I will disagree with the comment that High Kelivin White LED's cover all the blues 420,440,460.and 480. In many cases they are nothng more than 6,500K chip with the longer wave lenghts filtered out. Remember when the rate a chip they are rating it on the ratio of red, green, blue. It is much eaier to get a higer amount of 460nm Blue than it to get an apreciable amount of 429 nm "blue"

This is why I cannot understand why somone will use a 20,000K chip then suplement it with Red chips and even in some cases amber and yellow chips.

Yes there is an isue with LED lighting with wave lenghts of 440 nm or less. There is also an issue with the wave lenghts in the 490 to 500 range as no chips put out a strong spectrum in that range. But with Royal Blue 454 (444 to 464 and Blue 460 (450 to 470) we are covering a majority of the blue range and the addaptibility of coral can easily compensate for anything missing near that range.

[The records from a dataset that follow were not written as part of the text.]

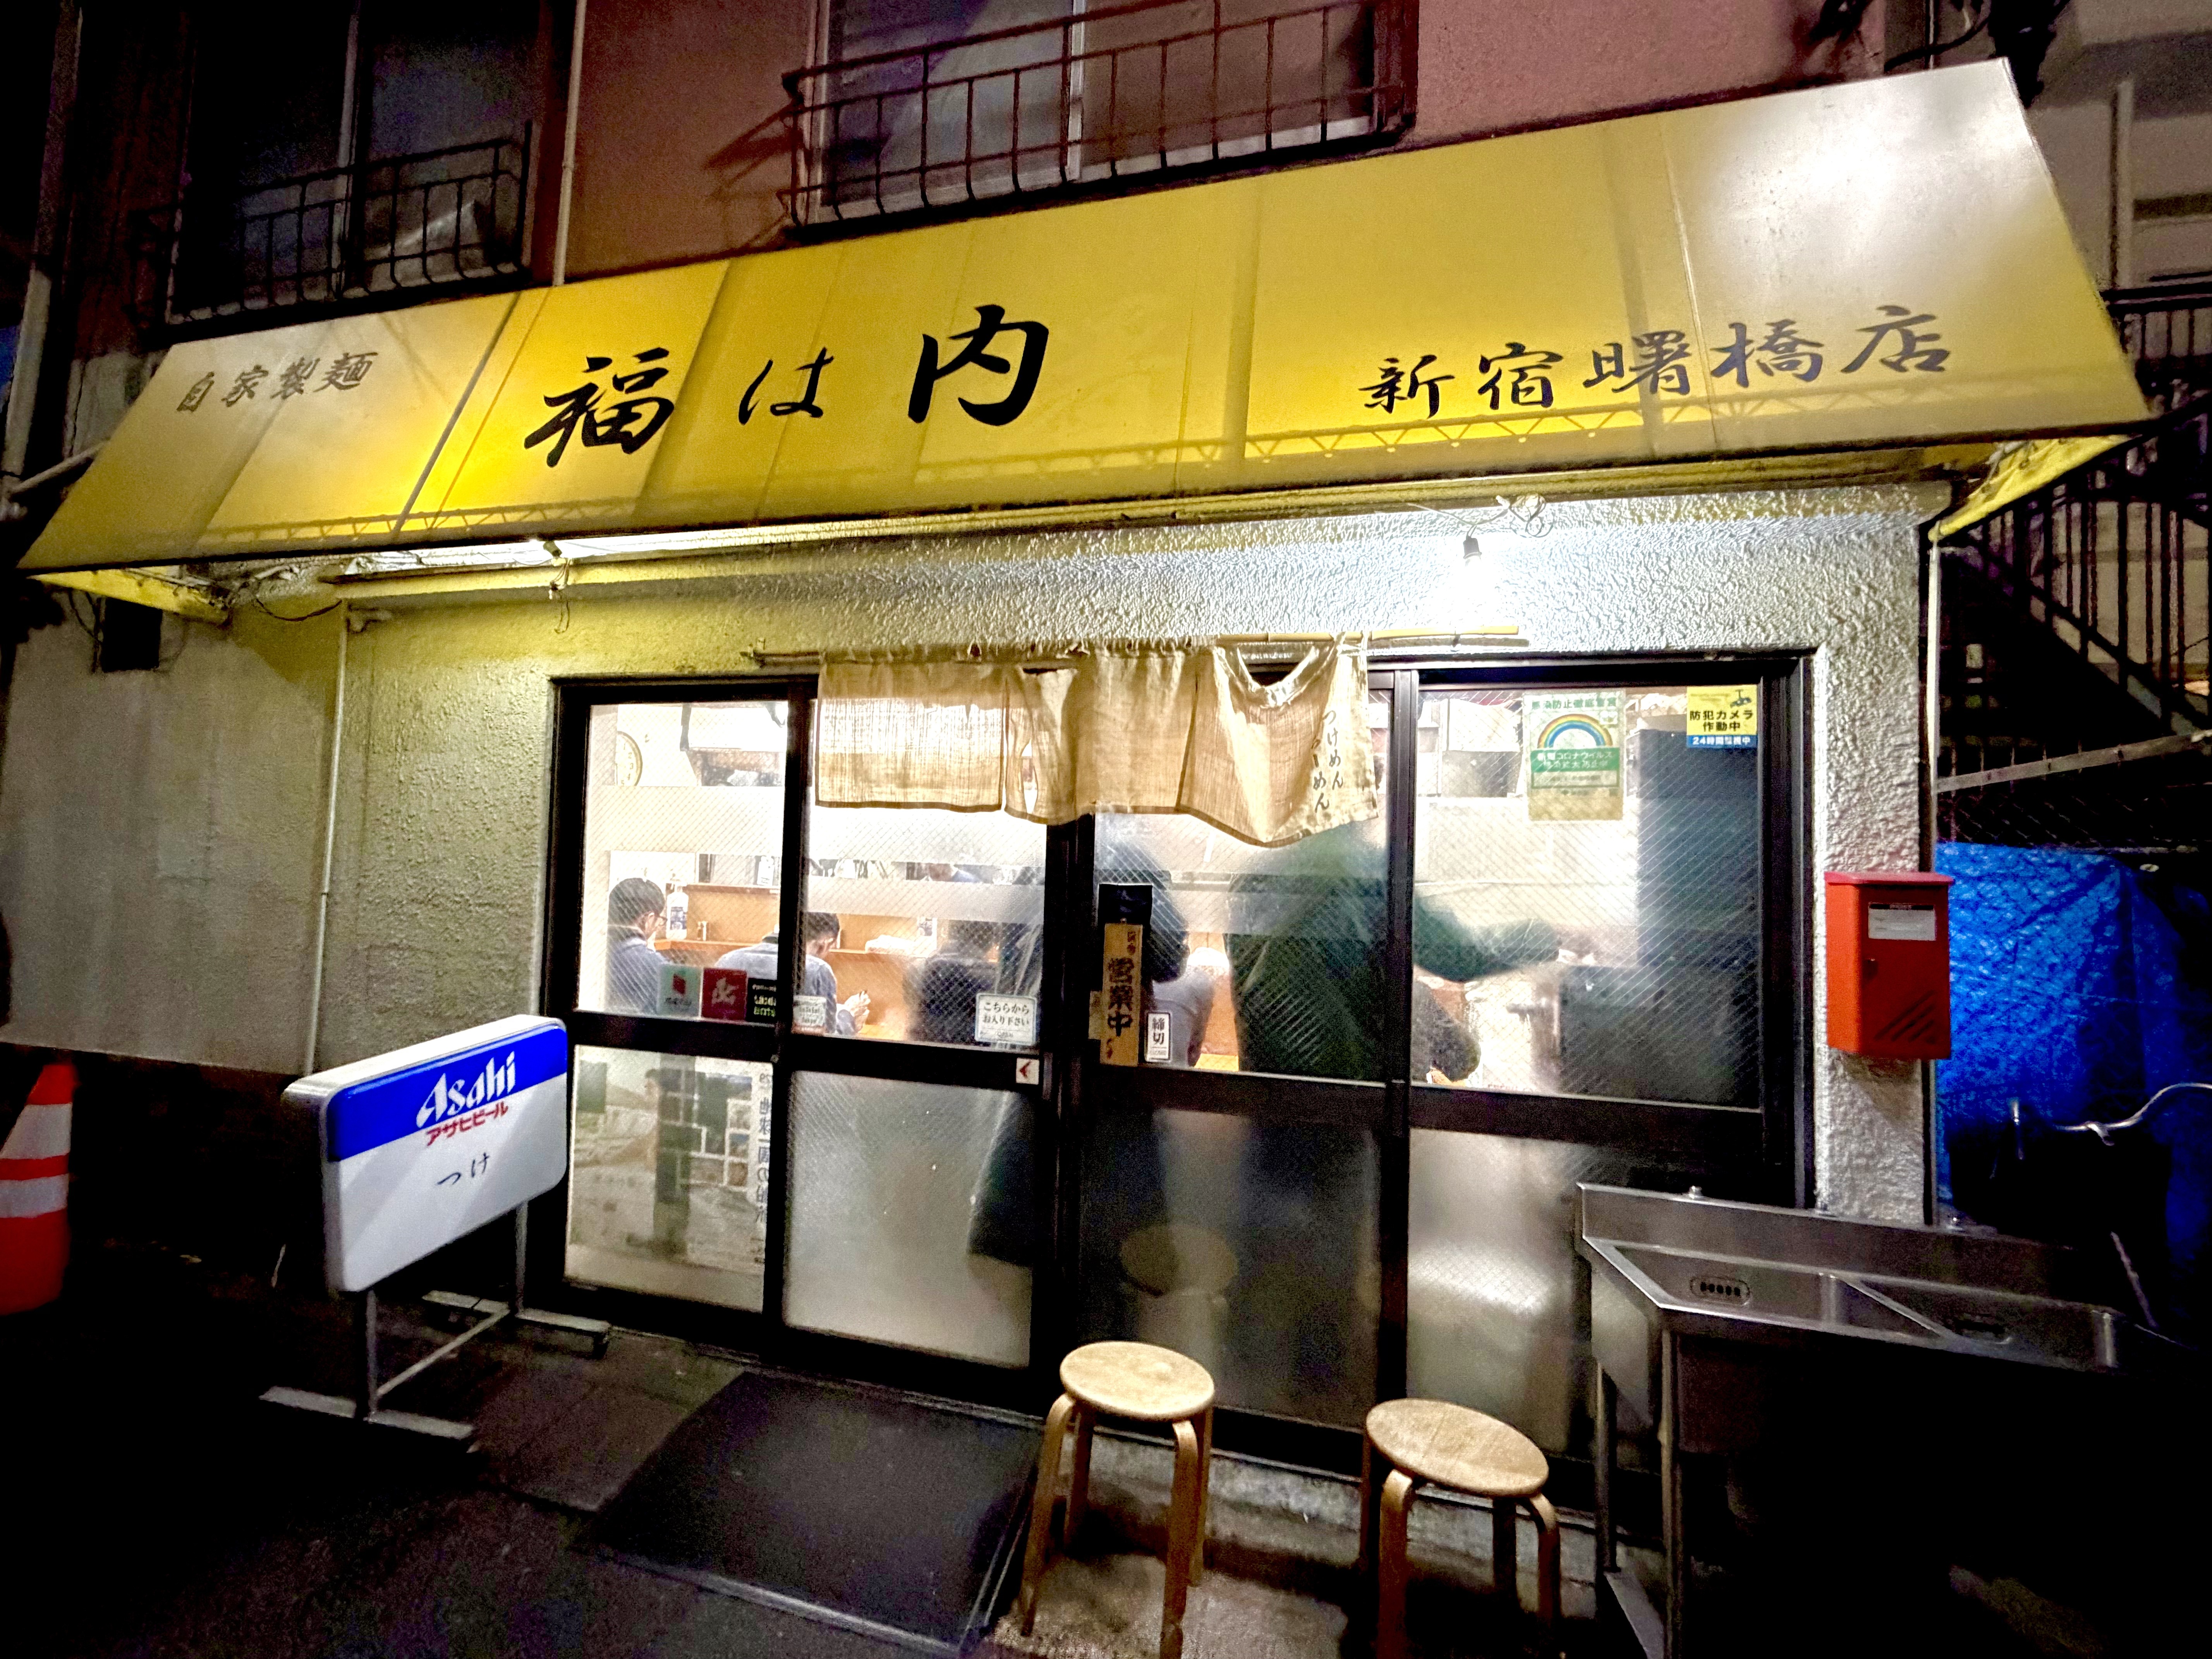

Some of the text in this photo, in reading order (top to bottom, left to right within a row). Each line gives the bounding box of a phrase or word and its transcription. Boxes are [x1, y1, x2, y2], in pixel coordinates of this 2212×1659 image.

[177, 352, 378, 412] 自家製麺
[1358, 305, 1950, 419] 新宿曙橋店
[526, 305, 1049, 467] 福は内
[1690, 709, 1753, 721] 防犯カメラ
[1703, 721, 1741, 732] 作動中
[1321, 710, 1343, 790] つけめん
[983, 1013, 1029, 1026] お入り下さい
[984, 1002, 1029, 1015] こちらから
[1151, 1017, 1165, 1045] 締切
[416, 1051, 516, 1128] Asahi
[426, 1101, 509, 1147] アサヒビール

If you truely want to cover that range better the thought of combining HO T-5 bulbs like ATI Blue Plus, or URL Atinic plus White will do a better job than any individual LED.
 
I will disagree with the comment that High Kelivin White LED's cover all the blues 420,440,460.and 480.

I agree. What I said was "High kelvin white chips include a broad spectrum of blues, greens and reds that you will not see in task 6,500-10,000k task lighting.". Also 420 is violet, not blue.

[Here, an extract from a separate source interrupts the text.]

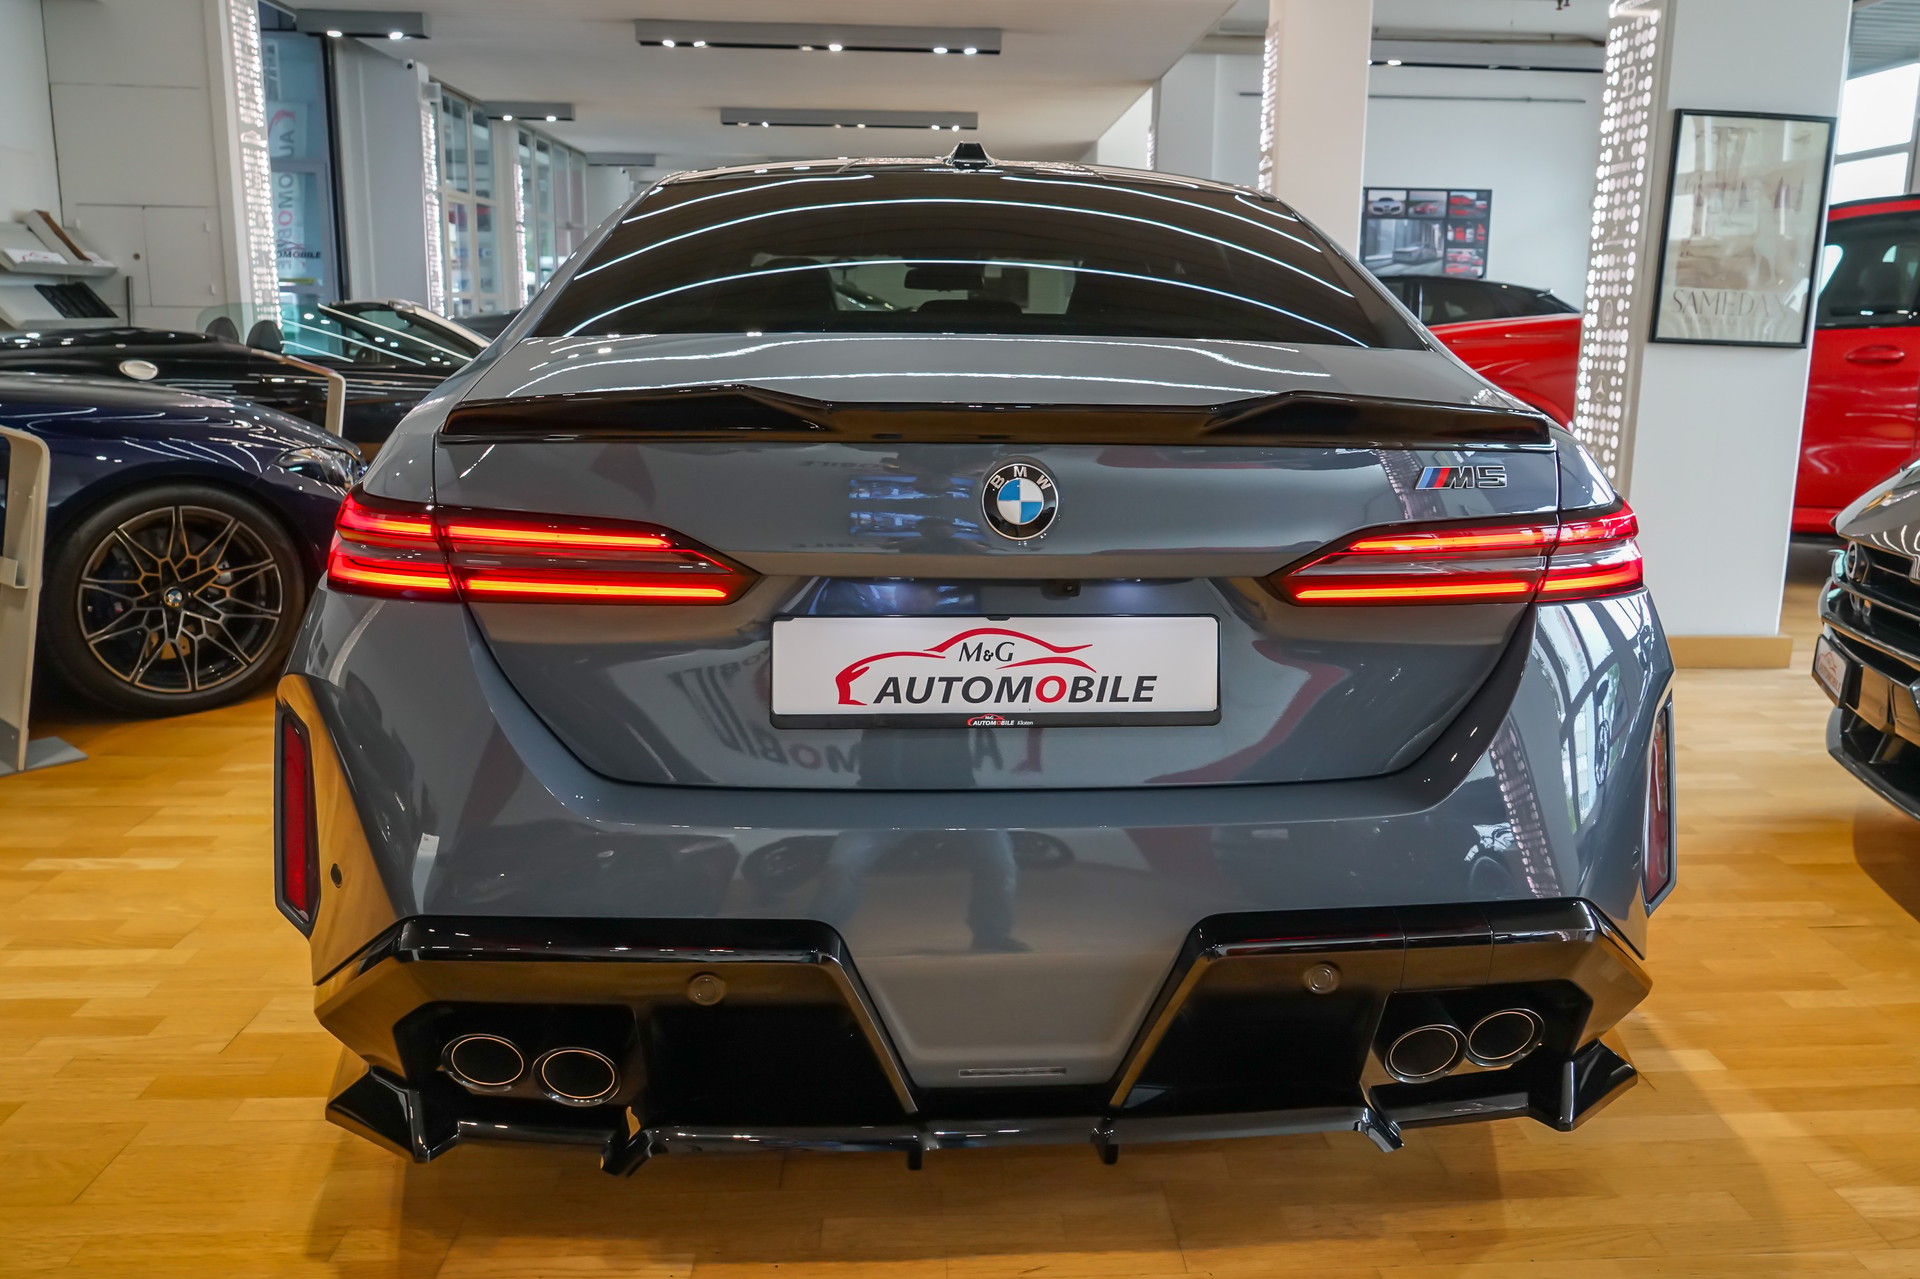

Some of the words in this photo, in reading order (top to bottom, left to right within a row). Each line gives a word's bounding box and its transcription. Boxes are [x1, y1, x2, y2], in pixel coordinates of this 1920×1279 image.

[990, 466, 1051, 490] BMW
[1440, 466, 1507, 488] M5
[958, 641, 1015, 662] M&G
[873, 675, 1157, 704] AUTOMOBILE

In many cases they are nothng more than 6,500K chip with the longer wave lenghts filtered out. Remember when the rate a chip they are rating it on the ratio of red, green, blue.

They are rated by how "blue" they are. Phosphor coating does not filter out light. It converts it to other spectra. Phosphor coated high kelvin chips are native blue chips, not 6,500k chips. They simply lack the phosphors that are cherished for their bright green colour. Blue light is converted to green and red to create a white chip.

It is much eaier to get a higer amount of 460nm Blue than it to get an apreciable amount of 429 nm "blue"

Of course, violet chips (429nm) are not blue chips with phosphor coating, they are a dedicated chip.

This is why I cannot understand why somone will use a 20,000K chip then suplement it with Red chips and even in some cases amber and yellow chips.

I have only seen yellow chips used with 6,500k fixtures which are already too yellow. I'm not sure what the logic is behind amber or yellow chips. The people who use them haven't given any reasoning that I have come across. 20,000k white chips have adequate yellow light.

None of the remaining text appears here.